- [Your goal]
Could you restate the data below word for word, without its pictures?

- [Entries shown]
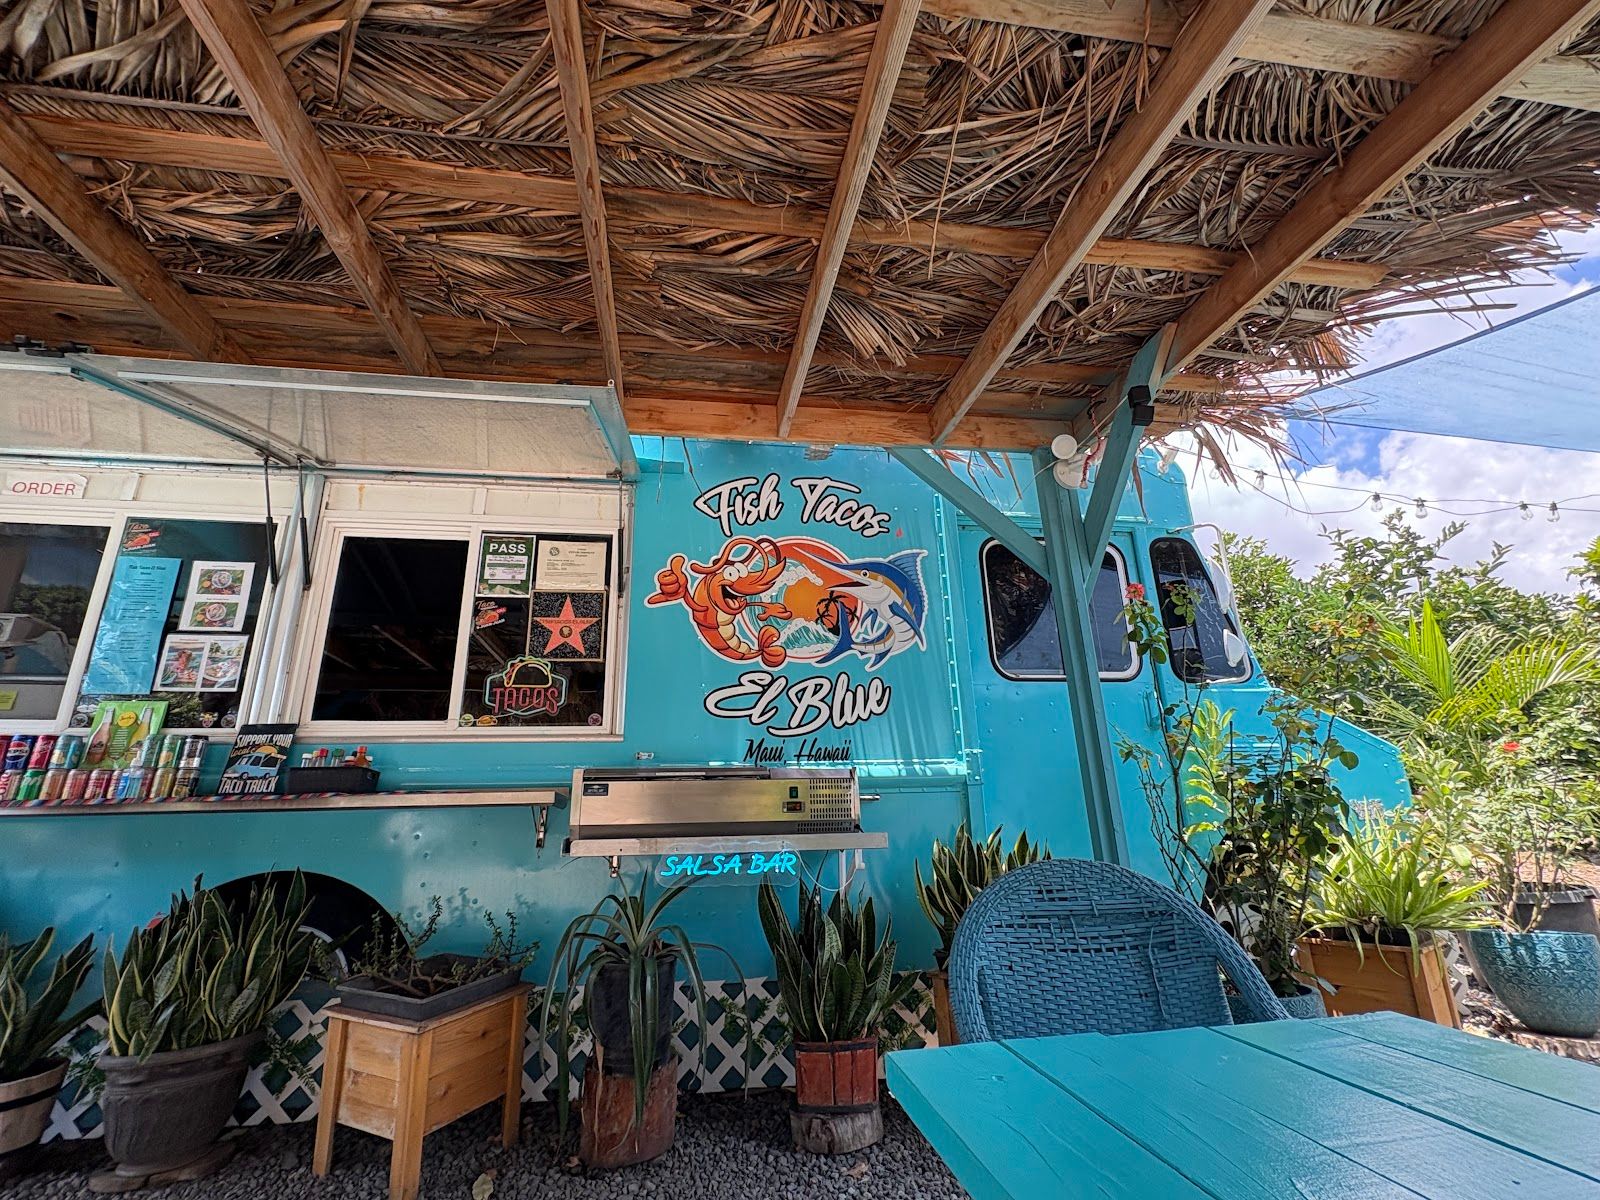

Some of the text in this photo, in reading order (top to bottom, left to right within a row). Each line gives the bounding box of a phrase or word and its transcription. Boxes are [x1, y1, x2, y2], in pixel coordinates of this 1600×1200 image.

[12, 481, 76, 496] ORDER
[694, 473, 890, 537] Fish Tacos
[489, 543, 526, 554] PASS
[492, 687, 560, 715] TACOS
[704, 671, 891, 737] El Blue
[236, 733, 293, 748] SUPPORT YOUR
[792, 739, 851, 762] Hawaii
[218, 775, 280, 794] TACO TRUCK
[661, 851, 797, 876] SALSA BAR
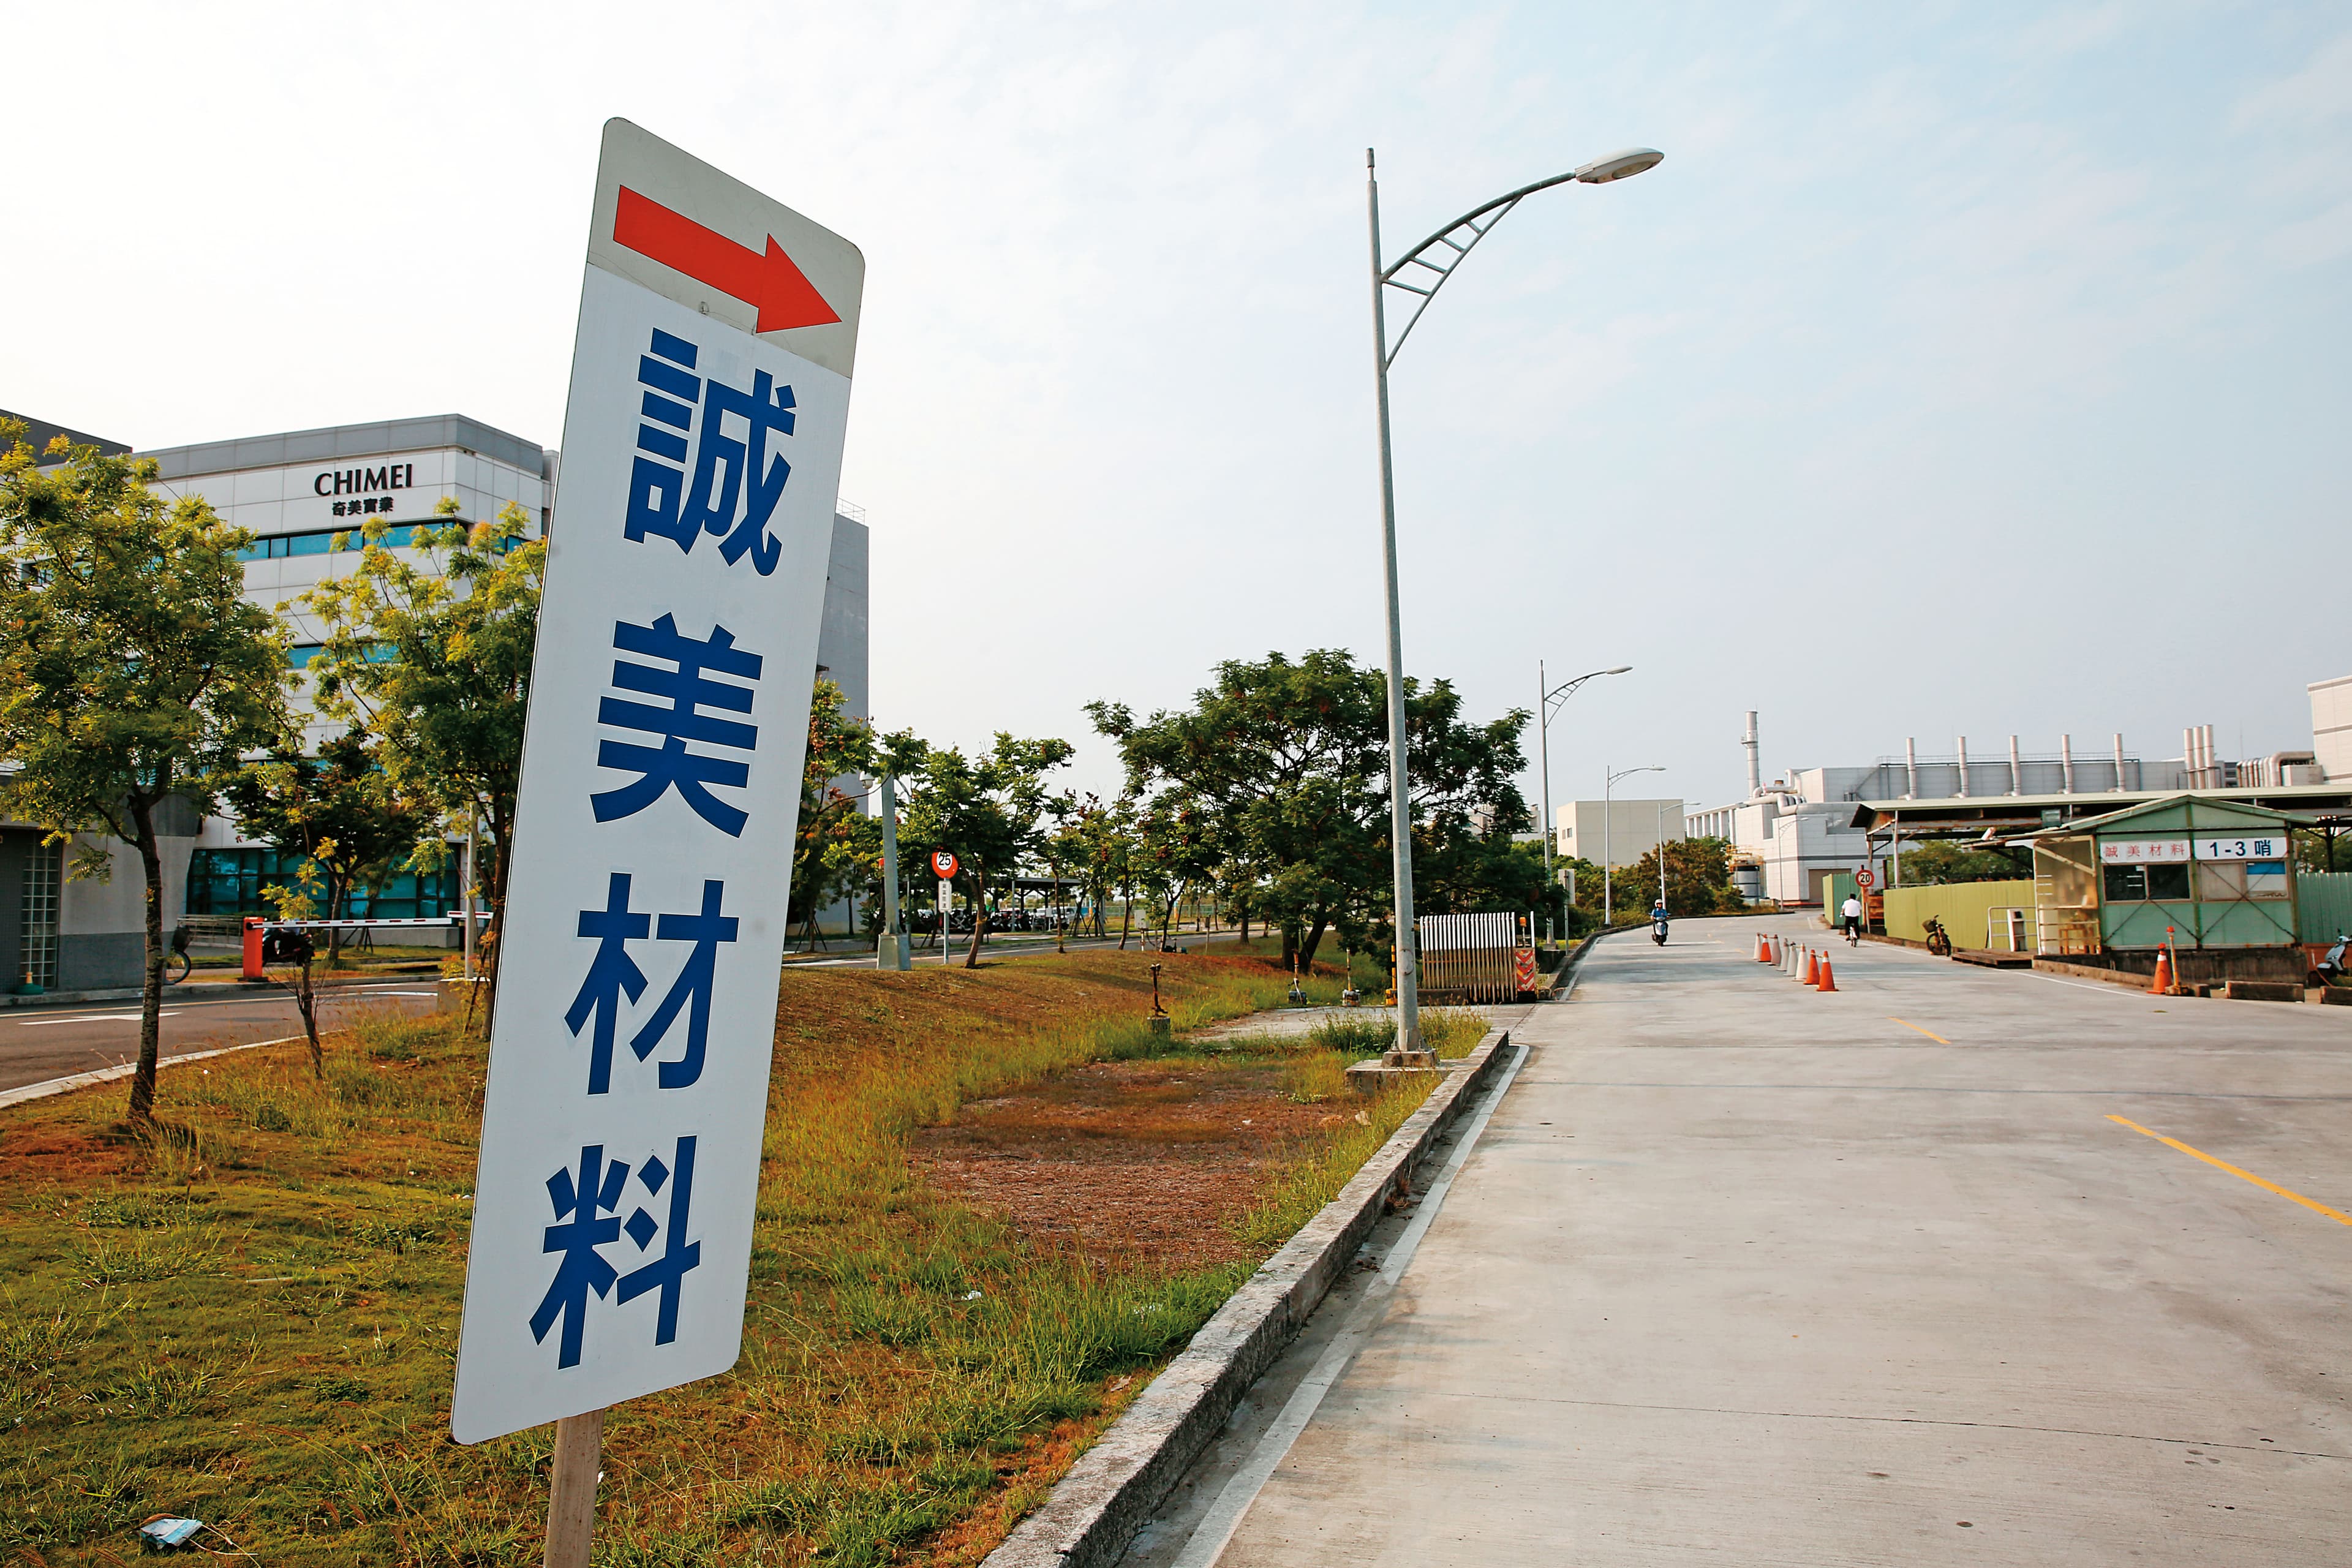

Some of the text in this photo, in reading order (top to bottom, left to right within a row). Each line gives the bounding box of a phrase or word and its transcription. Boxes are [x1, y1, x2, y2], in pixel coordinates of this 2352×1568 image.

[314, 464, 412, 496] CHIMEI
[332, 497, 393, 516] 奇美實業
[530, 328, 796, 1368] 誠美材料
[2103, 843, 2184, 858] 誠美材料
[938, 854, 951, 866] 25
[1860, 874, 1870, 883] 20

- [Your solution]
Some of the text in this photo, in reading order (top to bottom, left to right within a row). Each line gives the bounding box of a phrase or word and its transcription. Boxes are [x1, y1, x2, y2], in pixel coordinates of this 1600×1200 image.

[12, 481, 76, 496] ORDER
[694, 473, 890, 537] Fish Tacos
[489, 543, 526, 554] PASS
[492, 687, 560, 715] TACOS
[704, 671, 891, 737] El Blue
[236, 733, 293, 748] SUPPORT YOUR
[792, 739, 851, 762] Hawaii
[218, 775, 280, 794] TACO TRUCK
[661, 851, 797, 876] SALSA BAR

Some of the text in this photo, in reading order (top to bottom, left to right within a row). Each line gives the bounding box of a phrase or word and its transcription. Boxes are [x1, y1, x2, y2], in pixel coordinates of this 2352×1568 image.

[314, 464, 412, 496] CHIMEI
[332, 497, 393, 516] 奇美實業
[530, 328, 796, 1368] 誠美材料
[2103, 843, 2184, 858] 誠美材料
[938, 854, 951, 866] 25
[1860, 874, 1870, 883] 20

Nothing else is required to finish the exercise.